Collectif, Écorché (Hy)
Ariane Gélinas, Pierre-Luc Lafrance et Jonathan Reynolds
Écorché
Québec, La Maison des viscères, 2015, 102 p.
Petit à petit, La Maison des viscères fait son chemin et nous offre, à chaque recueil, des œuvres aux qualités indéniables. Écorché, quatrième ouvrage de la maison d’édition, rassemble, comme les recueils précédemment publiés, trois textes d’horreur bien différents, mais où un thème en particulier est exploité. Le titre du recueil ne pourrait d’ailleurs être plus juste : au cœur des nouvelles proposées, nous suivons la descente aux enfers de personnages tourmentés, des écorchés qui ne savent plus comment s’en sortir.

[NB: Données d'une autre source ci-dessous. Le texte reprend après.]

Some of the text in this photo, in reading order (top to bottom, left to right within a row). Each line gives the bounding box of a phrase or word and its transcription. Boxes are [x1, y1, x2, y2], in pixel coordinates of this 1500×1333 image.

La première nouvelle, « Rydia avec un “L” » de Jonathan Reynolds, s’éloigne du gore que l’on retrouve, en règle générale, dans ce type de textes au profit d’une plongée cauchemardesque dans la psyché de personnages troublés. Dans cette nouvelle, Armand, un sculpteur, rencontre une cosplayeuse qui ressemble comme deux gouttes d’eau à Rydia, un personnage du jeu Final Fantasy II. Plus incroyable encore, la jeune femme se nomme Lydia. Mais la rencontre, au départ amicale, prendra vite une tournure un peu plus perverse. Dans ce texte où l’horreur s’avère davantage psychologique que graphique, Reynolds joue habilement avec nos nerfs. L’alternance entre les points de vue des deux personnages participe à l’immersion du lecteur et la réflexion sur la technologie, sans être trop appuyée, est bienvenue là où on ne l’attendait pas vraiment.

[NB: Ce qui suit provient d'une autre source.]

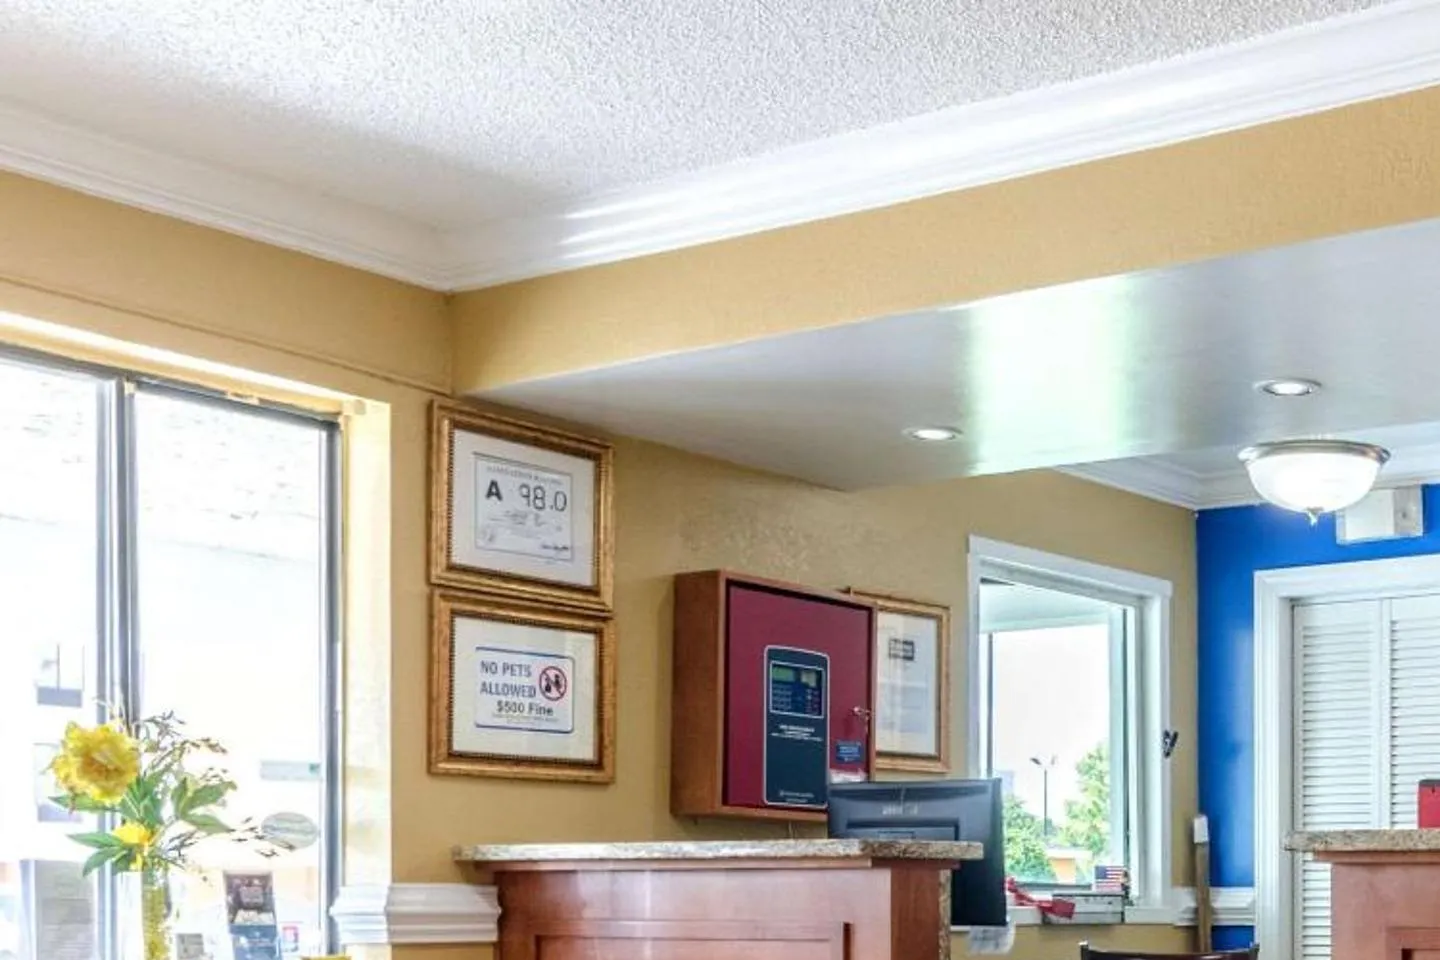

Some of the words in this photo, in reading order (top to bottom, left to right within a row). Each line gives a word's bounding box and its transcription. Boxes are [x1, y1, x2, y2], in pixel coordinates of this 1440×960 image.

La nouvelle d’Ariane Gélinas, « La Frontière dorée », contraste en comparaison des deux autres textes à cause de son décor, mais n’en est pas moins pertinente. À une époque aujourd’hui révolue, un cavalier du nom de Chester découvre un village en plein désert. L’angoisse s’empare de lui lorsqu’il s’aperçoit que l’endroit où il vient d’atterrir n’est peuplé que de cadavres recouverts d’une poussière dorée. Pourtant, Chester n’est pas au bout de ses peines… Dans cette nouvelle, on reconnaît dès les premiers mots la marque si singulière de Gélinas : un style langoureux, des personnages complexes et une fin mystérieuse qui appelle la relecture. Le mariage entre le western et l’horreur est parfaitement réalisé, surtout étant donné que l’horreur se trouve davantage dans l’ambiance et la métaphore. C’est savoureux, c’est subtil, bref, on en redemande !
La nouvelle de Pierre-Luc Lafrance, « Ce n’est pas un conte de fées », possède pour sa part une narration atypique : nous suivons à la fois les souvenirs d’un meurtrier, que l’on essaie de réhabiliter, et les commentaires en temps réel des scientifiques qui remplacent par des contes de fées la mémoire de l’homme. Bien vite, les personnages se rendent compte que de modifier la mémoire ne s’avère pas une tâche aisée et qu’elle engendre nombre de conséquences désastreuses… La double voix narrative permet ainsi une habile progression de l’horreur. Ce texte s’avère d’ailleurs le plus violent sur le plan graphique, mais, encore une fois, l’histoire verse davantage dans le psychologique que dans l’épandage de tripes pur et simple. La nouvelle de Lafrance renferme une subtile critique sociale et une plongée maîtrisée et juste dans la psyché d’un meurtrier, plongée qui atteint son paroxysme dans une fin amère, mais en parfaite adéquation avec le ton du texte.
Pour sa quatrième livraison d’horreur, La Maison des viscères prouve de nouveau qu’il est possible d’offrir des textes d’horreur pertinents, où la réflexion sociale n’est jamais bien loin, et écrits par des auteurs de talent. C’est d’autant plus dommage de constater que ce genre littéraire se fait si peu présent au sein de la littérature québécoise, raison pour laquelle il est important de souligner les excellentes fictions d’horreur made in Québec.